Drawing inspiration from many of my great math professors from undergrad,
this website will be poorly made, and have lots improperly formatted HTML.
This website is getting progressively more and more out of date. For an up-to-date list of my publications, please see my Google Scholar Page.
I completed my undergraduate degree in Mathematics at MIT in 2014.
I completed my PhD in the MachineLearning
Group here at the University of Toronto.

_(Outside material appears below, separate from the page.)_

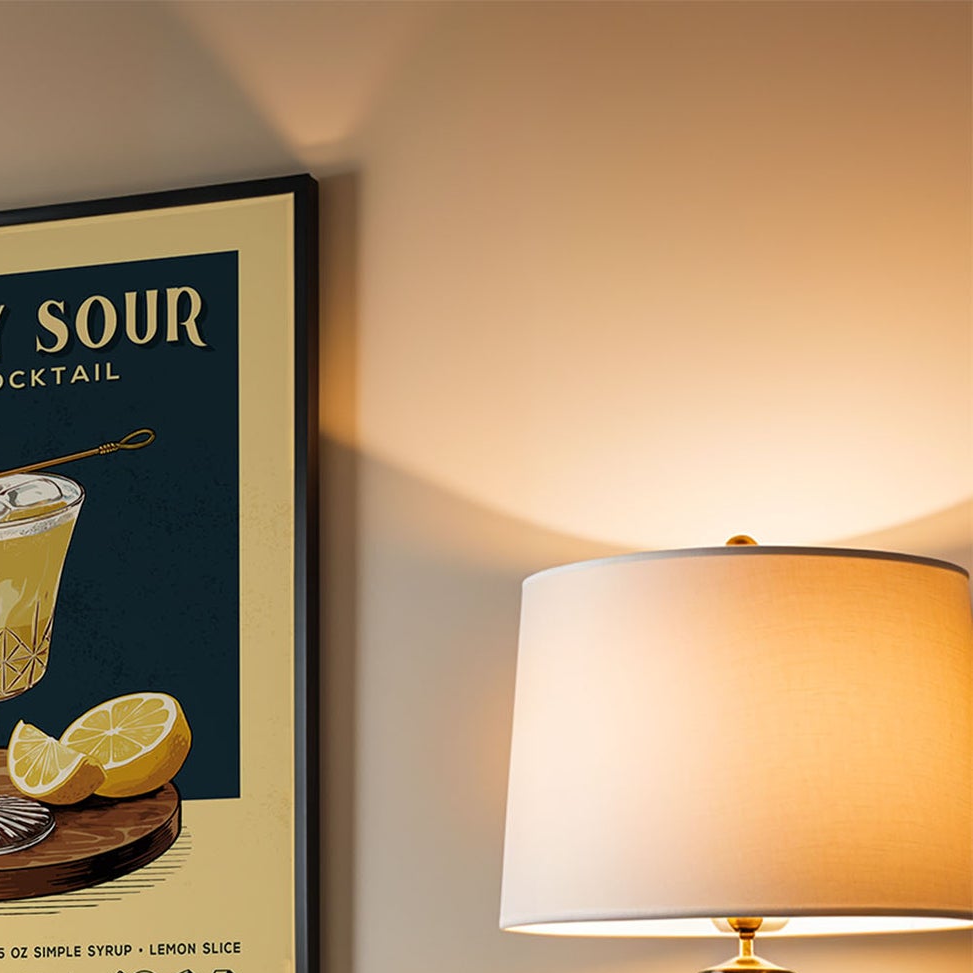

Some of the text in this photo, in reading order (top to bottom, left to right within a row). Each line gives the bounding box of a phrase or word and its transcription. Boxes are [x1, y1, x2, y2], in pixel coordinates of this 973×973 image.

I am now a research scientist at Deepmind in New York City.
Febuary 2019 - June 2021, I worked part-time at Google Brain in Toronto.
I was awarded the Google PhD fellowship in Machine Learning for 2021 but had to decline due to graduating before the fellowship would begin. I completed my PhD this summer 2021. Since then I have worked a Google Deepmind in New York City. In October 2023, I was promoted to Senior Research Scientist.
Over the past year I was a core member of the team that built Lyria, Google Deepmind's state-of-the-art generative model for music.
Reduce, reuse, recycle: Compositional generation with energy-based diffusion models and mcmc: Yilun Du, Conor Durkan, Robin Strudel, Joshua B Tenenbaum, Sander Dieleman, Rob Fergus, Jascha Sohl-Dickstein, Arnaud Doucet, Will Grathwohl
We examine compositionality in diffusion models. That is, composing multiple pre-trained diffusion models together to create models for novel distributions. While simple theoretically, we find composing these models in practice does not perform well. We attribute this to failures in sampling. We remedy this issue by using more advanced sampling techniques such as HMC. Further, we propose to use an energy-based prameterization of diffusion models which enables the use of Metropolis-Corrected MCMC samplers which further improves performance in compositional generation.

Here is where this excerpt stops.